Regardless of what you think, change is coming. AI already is present in most aspects of work and its importance will only grow in the future, and social listening is no exception..
For us at Brandwatch, AI is now part of our product. This week we launched Iris, an AI-analyst built to help you find better insights faster.
I wanted to know what a real analyst thought of Iris, so I spoke to Ben Ellis who headed up social listening at BT, Microsoft, Groupon and most recently We Are Social, before joining Brandwatch last week.
Ben says that defining a specific job that Iris supports is difficult. “You could easily argue that it helps with every job – It spots successful campaigns, a potential brand crisis, new influencers, customer pain points, unseen consumer insights and more.”
Ben outlines three key ways it can help analysts working with Brandwatch:
Manually analyzing peaks takes time. Clicking through and analyzing a peak while comparing it to the historical data would take a user several hours.
Most users take shortcuts to get around this, Ben says. “They click on the peak and analyze a small subset of data. This could lead to inaccurate results, but it takes them less time.”
He continues: “Still, in a typical week, your brand, products, campaigns and competitors will generate 20 major peaks. I’d say an analyst spends around 3 hours and 20 minutes conducting this analysis – in other words, a whole morning. Iris would take less than two seconds to conduct the same analysis.”
“Iris is much faster than human analysis, providing arguably more reliable results.”
Often analysts don’t have the time to compare a peak with 20 days of historical data manually. They could miss significant insights.
“They’ll miss the news story trending today, the video released commenting on the issue, the Reddit thread that popped up hours earlier or the new influencer that joined the conversation,” Ben says.
“Iris highlights these anomalies for you by constantly comparing to historical data.

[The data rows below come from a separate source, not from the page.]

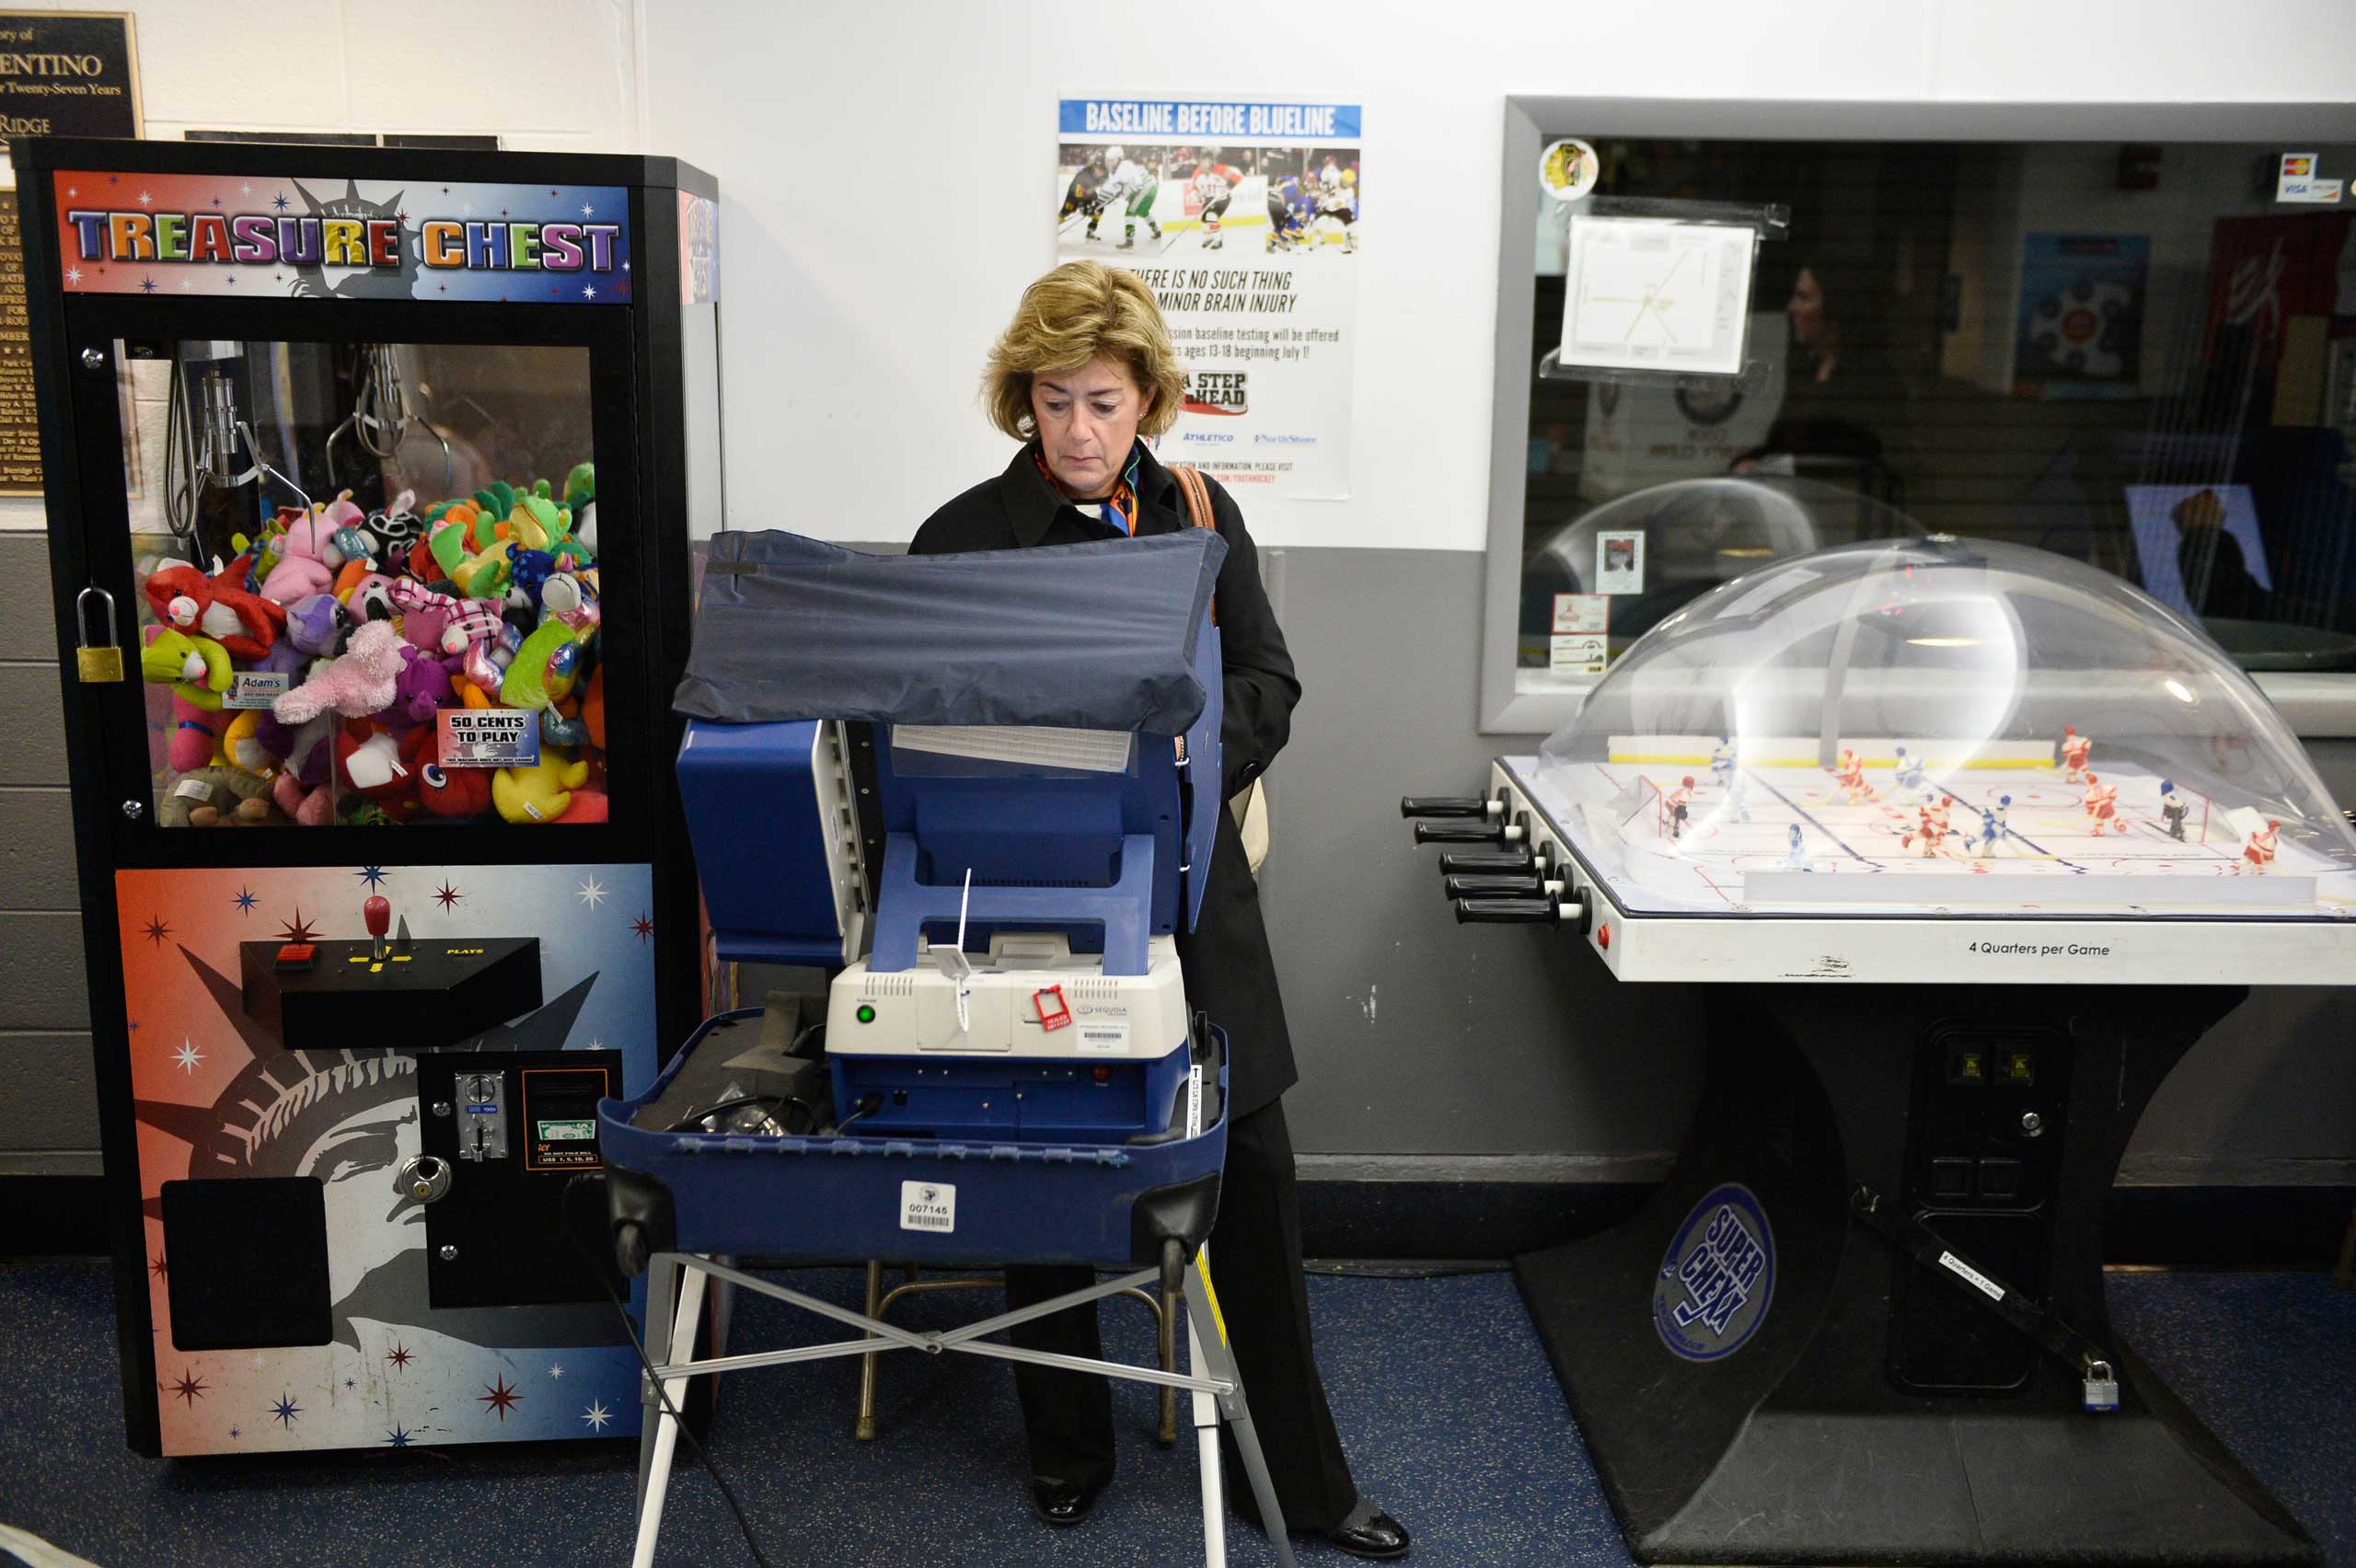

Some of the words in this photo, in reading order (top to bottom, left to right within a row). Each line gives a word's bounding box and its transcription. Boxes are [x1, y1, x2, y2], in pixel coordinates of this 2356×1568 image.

[19, 28, 35, 41] of
[8, 81, 87, 97] Twenty-Seven
[87, 83, 121, 96] Years
[1086, 102, 1173, 133] BASELINE
[1178, 105, 1246, 134] BEFORE
[1249, 106, 1336, 136] BLUELINE
[2285, 185, 2307, 193] VISA
[68, 211, 399, 267] TREASURE
[422, 220, 619, 271] CHEST
[1172, 270, 1186, 289] IS
[1189, 270, 1208, 290] NO
[1211, 271, 1248, 290] SUCH
[1252, 271, 1292, 290] THING
[1157, 292, 1201, 311] MINOR
[1204, 294, 1247, 312] BRAIN
[1249, 294, 1298, 313] INJURY
[1195, 328, 1234, 340] baseline
[1237, 329, 1270, 344] testing
[1273, 329, 1288, 341] will
[1292, 329, 1302, 341] be
[1305, 329, 1339, 342] offered
[1184, 346, 1206, 360] ages
[1208, 344, 1231, 357] 13-18
[1234, 345, 1280, 361] beginning
[1283, 345, 1299, 361] July
[1197, 373, 1246, 389] STEP
[1254, 462, 1276, 471] PLEASE
[1278, 463, 1293, 471] VISIT
[242, 677, 281, 687] Adam's
[451, 717, 472, 728] 50
[477, 717, 525, 728] CENTS
[457, 732, 476, 743] TO
[481, 732, 519, 743] PLAY
[1969, 941, 1977, 952] 4
[1981, 941, 2038, 954] Quarters
[2041, 944, 2063, 956] per
[2067, 943, 2110, 955] Game
[1705, 1205, 1766, 1295] SUPER
[1948, 1258, 1974, 1279] Quarters
[1984, 1283, 2002, 1298] Game
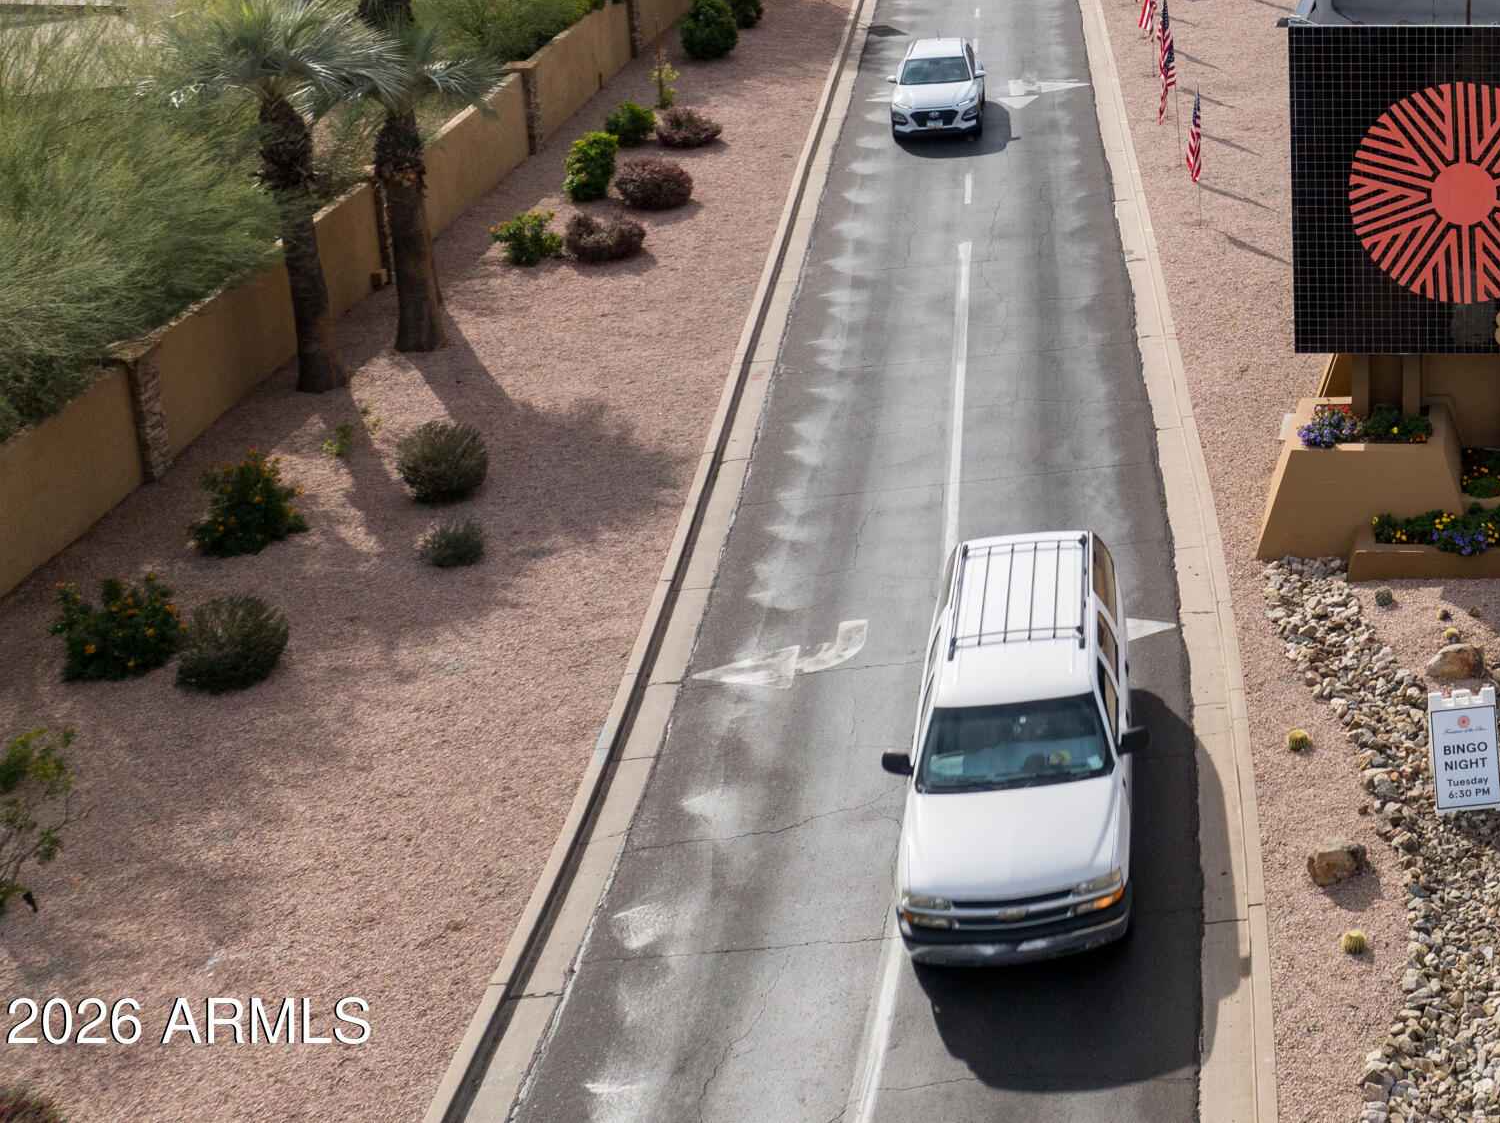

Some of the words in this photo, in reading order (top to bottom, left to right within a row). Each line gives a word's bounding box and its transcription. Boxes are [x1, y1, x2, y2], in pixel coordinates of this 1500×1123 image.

[1443, 741, 1488, 756] BINGO
[1443, 757, 1488, 771] NIGHT
[1447, 776, 1489, 787] Tuesday
[1448, 789, 1472, 799] 6:30
[1475, 787, 1491, 797] PM
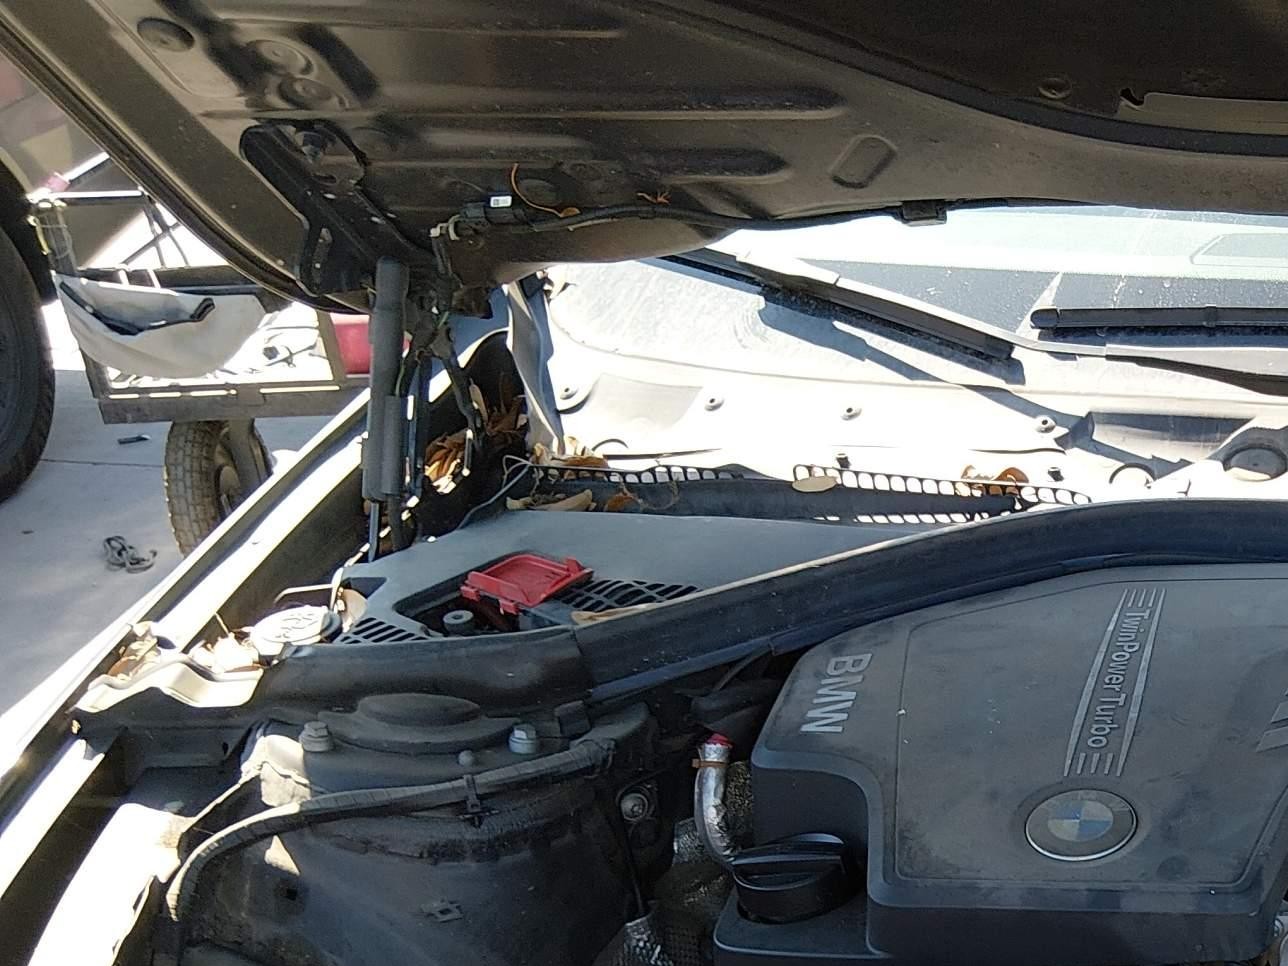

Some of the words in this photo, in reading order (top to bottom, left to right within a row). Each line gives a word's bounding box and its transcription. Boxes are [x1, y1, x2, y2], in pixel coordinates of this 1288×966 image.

[1103, 608, 1151, 692] TwinPower
[800, 653, 873, 733] BMW
[1087, 693, 1127, 748] Turbo
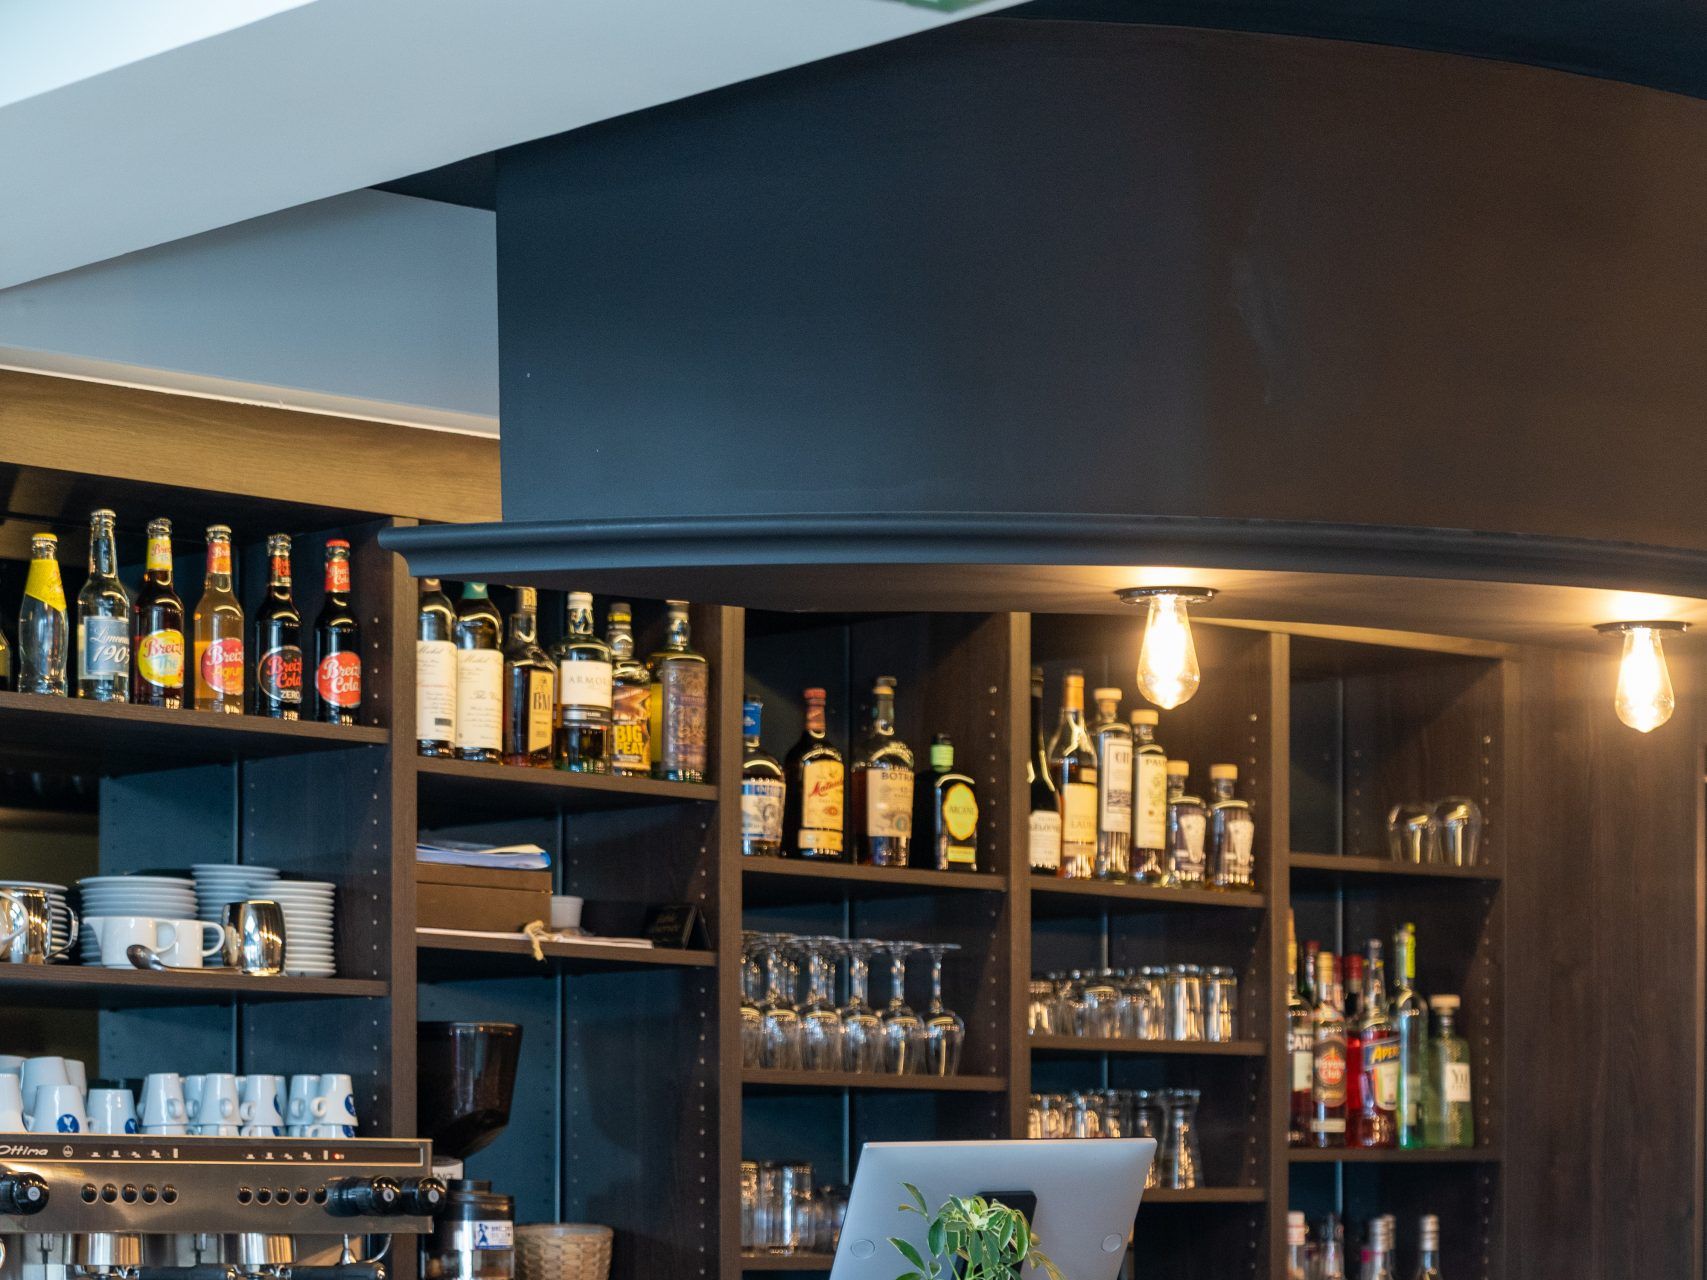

It keeps you aware of all the important insights around your brand.”
Ben thinks that some analysts, who have spent years working with data, might turn their noses up at a virtual assistant to help identify important trends. But, he says, a second opinion can always be helpful.
“If they look at a peak and decide that an influencer caused the growth, there’s no harm in checking that against Iris. A second opinion could help solidify their insight or make them aware of something they didn’t see before.
“Iris provides expert users with a crucial second opinion, to make their insights even more reliable.”
Ben says he’s seen social listening tools cram AI in their platform, but often this isn’t done with the analyst in mind.
“When poorly implemented, these newly AI-powered tools only bring up patterns with little to no context. Some of it can be useful, and some of it has served me well in the past, but as an analyst I found myself and other analysts around me being lost in the mechanics of these tools.”
He says this could include re-programming tools to fit the user’s needs, having to re-categorise mentions for accurate reporting, or having to adjust and correct the tool where it went wrong, hoping that it’ll learn from its mistakes moving forward.
“These implementations just don’t work for analysts. I’ve used so many of these tools, enough to comfortably say that Iris is different. Insights are observations with a reason. Iris surfaces and highlights these observations, by looking at the data, structuring the information within it, identifying the patterns while taking context into account. This is what an analyst would spend hours doing. This is what Iris spends a second on. Iris is different because it works for analysts.”
“I’ve seen so many tools adapt to AI, some well and some not so well. The examples I love the most come from tools that use AI for predictive analytics, a practice that I wish analysts would adopt more,” Ben says.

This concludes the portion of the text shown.